On Aug 26, 2008, at 02:08, Mark Slee wrote:
1. This decision was made because lexx/yacc, despite being C, is still
one of the most common lexing/parsing toolkits around. It's also the
easiest to install on a *nix system (almost every linux distro has all
the libs installed off the shelf). The standard Java release doesn't
have lexing/parsing tools, so already Java would require 3rd party
libs
which is enough to turn some people off.
It's more Chad's pointer to be historical than I can understand very
much :)
As for standard and 3rd part and being installed: antlr then bundle
everything in one jar.
At least if you expect java to be installed on the system it can't be
much easier than that ;)
2. Yes, some of the generator stuff has gotten a bit unwieldy over
time
as we've added more features. I wouldn't mind a templating system
either, but this is relatively low-leverage work given that the end
result is the same, just with cleaner code.
"just" ;)
Generally, I give much
higher priority to the quality of the language runtime libraries
than to
the quality of the code generator internals. Most Thrift users should
never need to touch the code generator. We should work on improving it
to the extent that it'll help us continue to develop faster in the
future.
Well, true. Hopefully the code generation is minimal and the most
crucial stuff will
be handled by the runtime. So agree with that perspective. On the
other hand I would imagine
that implementing new languages would be much easier with a clean
templating approach.
3. What if you decide you gave a variable a stupid name and want to
change it, but you've already deployed production code? Separating
names
in code from transport makes this painless, and saves a lot of
frustration/confusing legacy naming issues.

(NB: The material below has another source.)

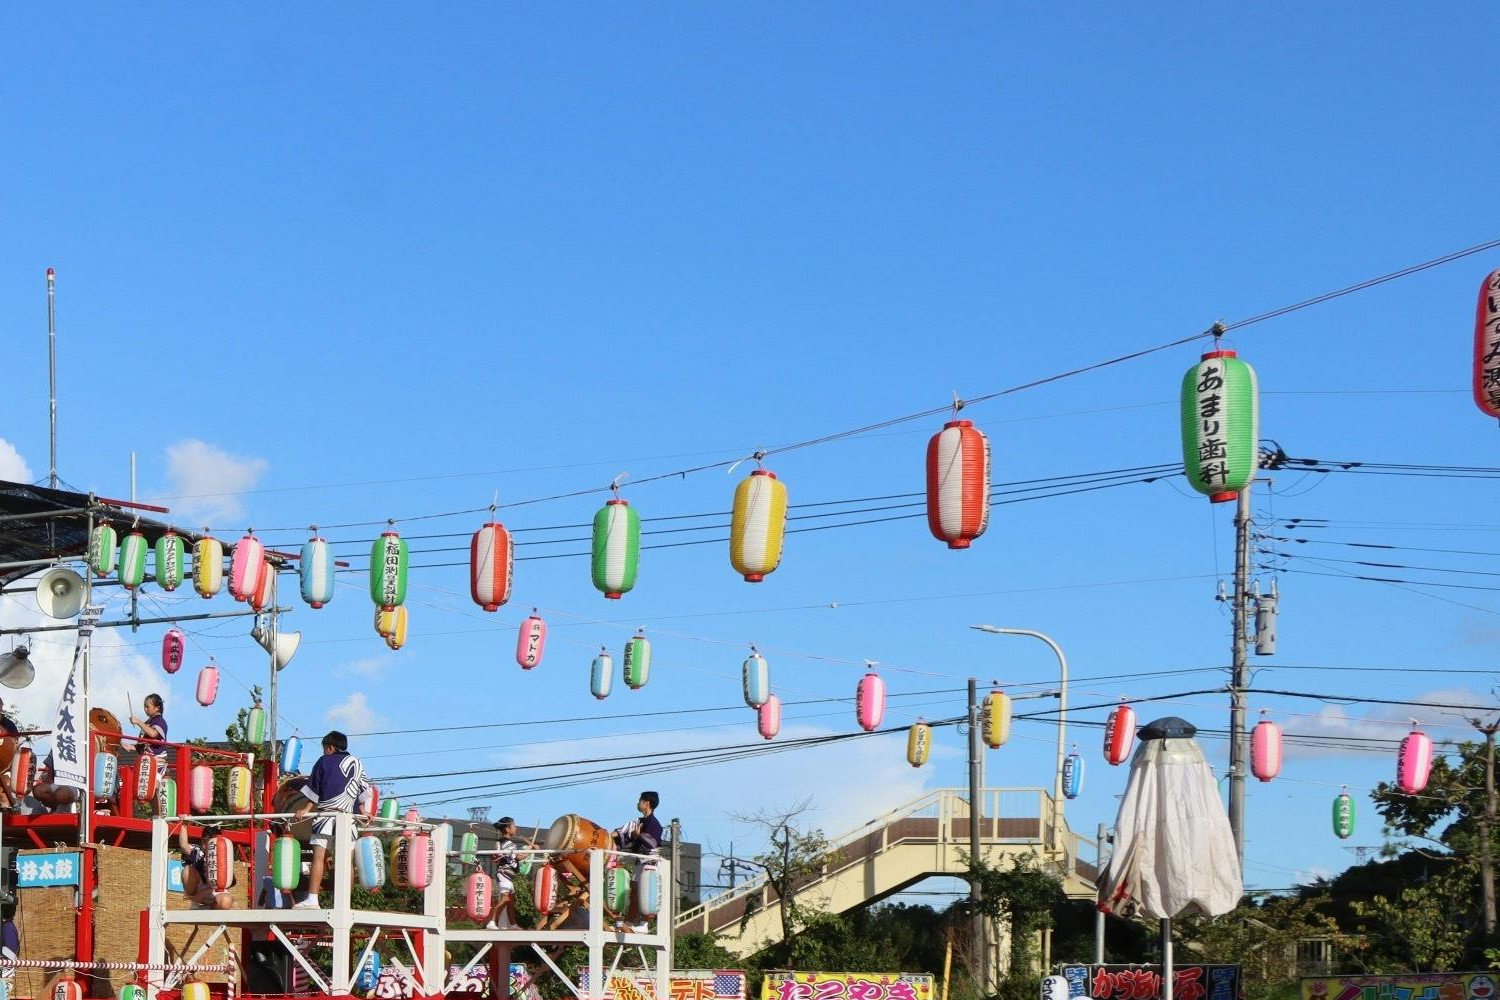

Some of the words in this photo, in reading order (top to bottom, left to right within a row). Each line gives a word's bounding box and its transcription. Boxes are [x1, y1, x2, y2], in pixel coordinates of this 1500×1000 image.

[1196, 365, 1229, 485] あまり歯科

Indeed - but using the hash does not make it any different. Thinking
about this:
required string somename -> sequence id = "somename".hashCode()
required string somenamenew [somename] -> sequence id =
"somename".hashCode()
You can easily change the name. All that really matters is it's hash
code.
For the API users it would make no difference - except that maintaing
the
sequence id would become a magnitude less of a hassle.
Also, to make the hash
system provably correct we'd have to have a conflict resolution
system,
which would be quite complex.
Indeed. You would have to check the hash codes for unique-ness.

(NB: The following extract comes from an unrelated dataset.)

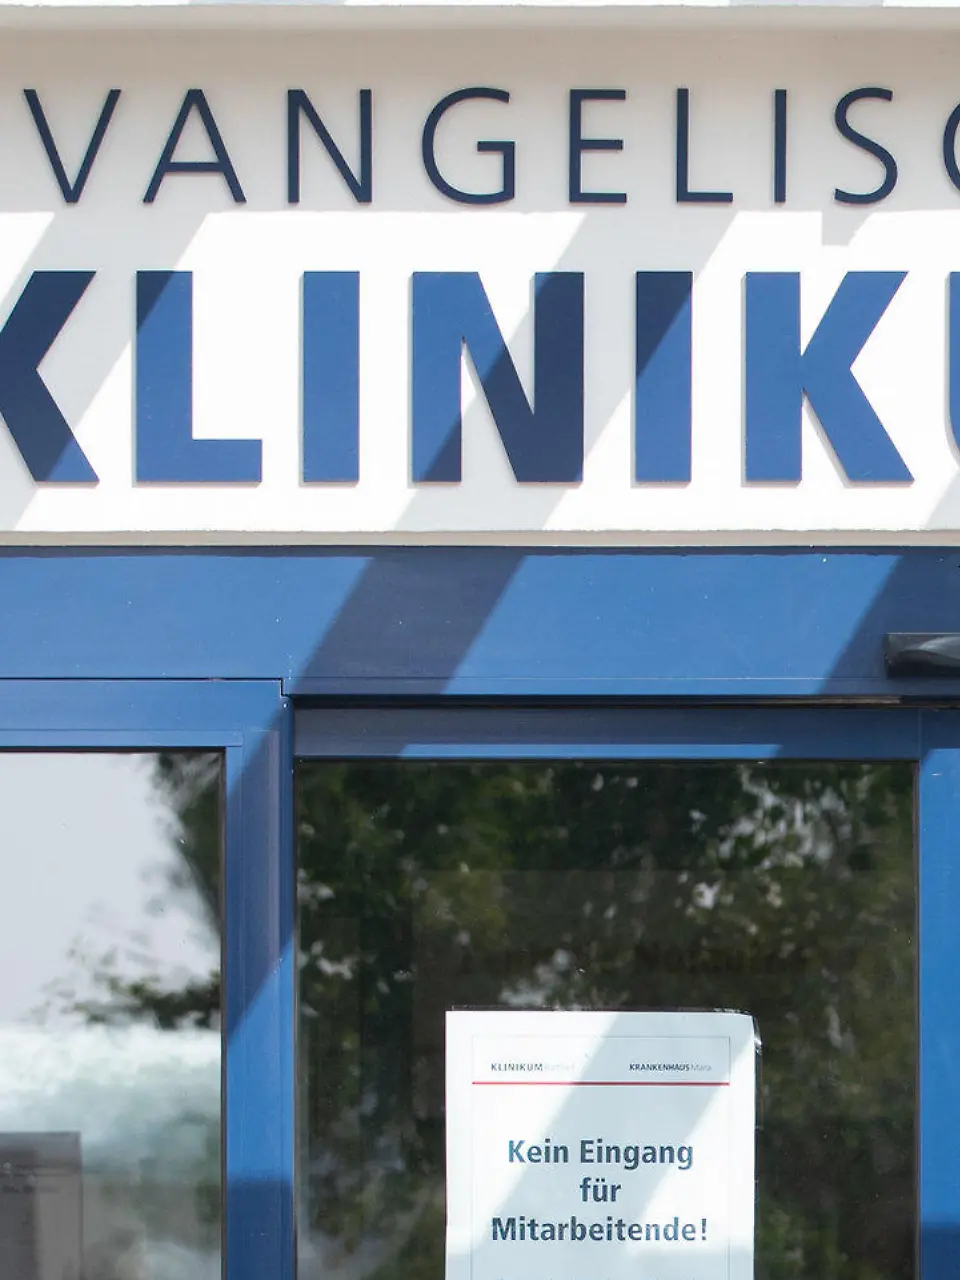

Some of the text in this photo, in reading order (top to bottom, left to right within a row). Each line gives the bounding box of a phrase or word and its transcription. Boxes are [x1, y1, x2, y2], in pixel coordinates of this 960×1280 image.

[508, 1138, 694, 1170] Kein Eingang
[579, 1176, 622, 1203] für
[491, 1215, 708, 1242] Mitarbeitende!
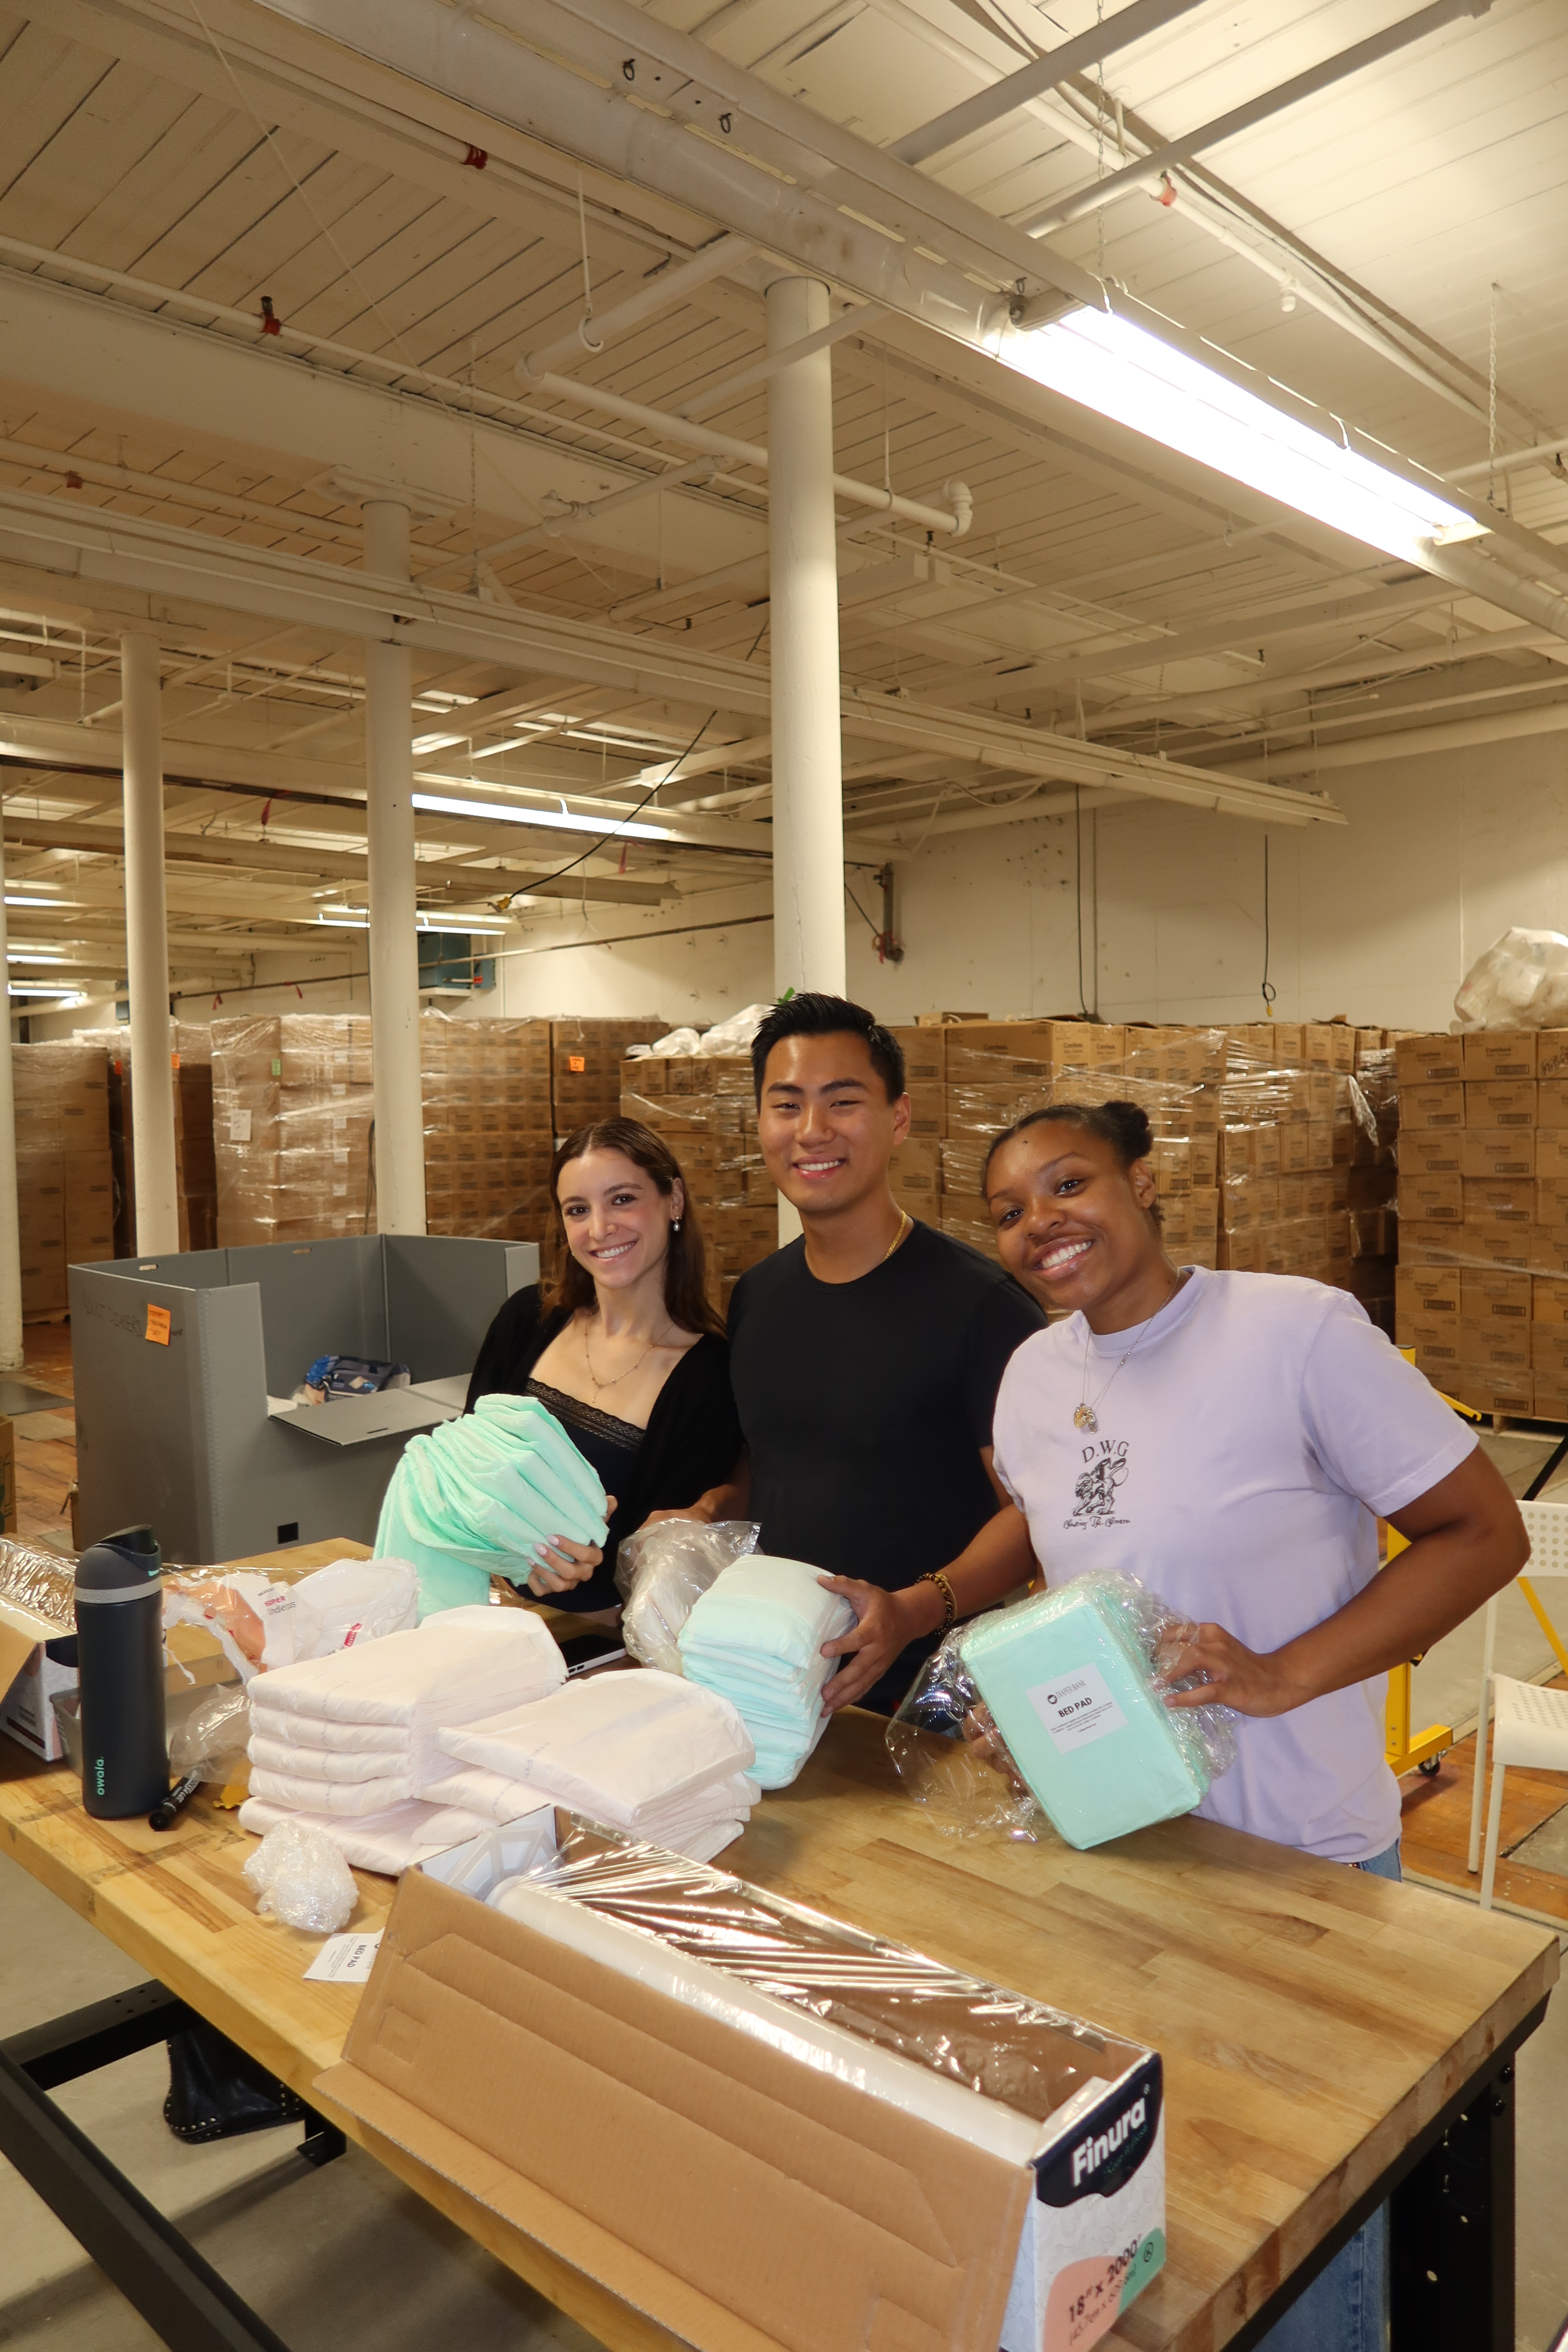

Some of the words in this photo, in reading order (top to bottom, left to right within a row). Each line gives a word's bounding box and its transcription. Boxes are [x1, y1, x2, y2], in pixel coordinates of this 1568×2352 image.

But being pragmatic here you could
1. Just check and fail if there are the same hash codes used
2. Ask the user to rename one of the clashing fields or
3. Offer a generated unique id that could be use instead in such
(probably rare) cases
4. Inheritance can be problematic due to the use of unique field
identifiers. If developer A owns struct A and developer B subclasses
it
with struct B, problems ensue. If B chooses to use field identifiers
that A later adds to struct A, downstream breakage happens.
Of course you have to check for uniqueness. If you flatten the structs
as a last step
that should be fairly straight forward to do. The pain comes only from
the way how
currently the sequence id are maintained :) ..which is why I was
thinking about the
hash based approach.
5. This is optional, for readable protocols which would like to
include
them. The TProtocol abstraction supports sending names, but if you
look
at the TBinaryProtocol implementation it actually doesn't send the
names
over the wire. You're correct, the sequence ids are good enough.
Ah ...OK. Sorry - missed that :) Thanks for clarification.
6. I would do this in 2 steps. First, move from "required a,
required b"
to "optional a, optional b, optional ab." These changes can be rolled
out without any breakage. Then, you can switch your client side to
"required ab" and finally switch the server side to "required ab,"
dropping the individual fields. I cannot think of any way to do this
in
only one switch without breakage.
Now you focused more on the optional/required and so on. Indeed all
correct. But my focus was more on the fact that ab can be derived from
a and b. That means that even old struct implicitly have ab. So when
you make the switch you either have support this logic in (every) client
or you switch over to only rely on ab and can no longer read older
structs.
See what I mean now?
7. I'm not sure exactly what you mean here. Which parts do you feel
are
not separated? The versioning and encoding is all isolated into the
TProtocol abstraction, transfer lives exclusively in TTransport, and
the
generated TProcessors deal only with actual message dispatching.
Well, if you only use Thrift for serialization and versioning you
might not
always have a need for the service stub generation. While this isn't
really a big problem I am wondering if these aren't two separate things.
cheers
--
Torsten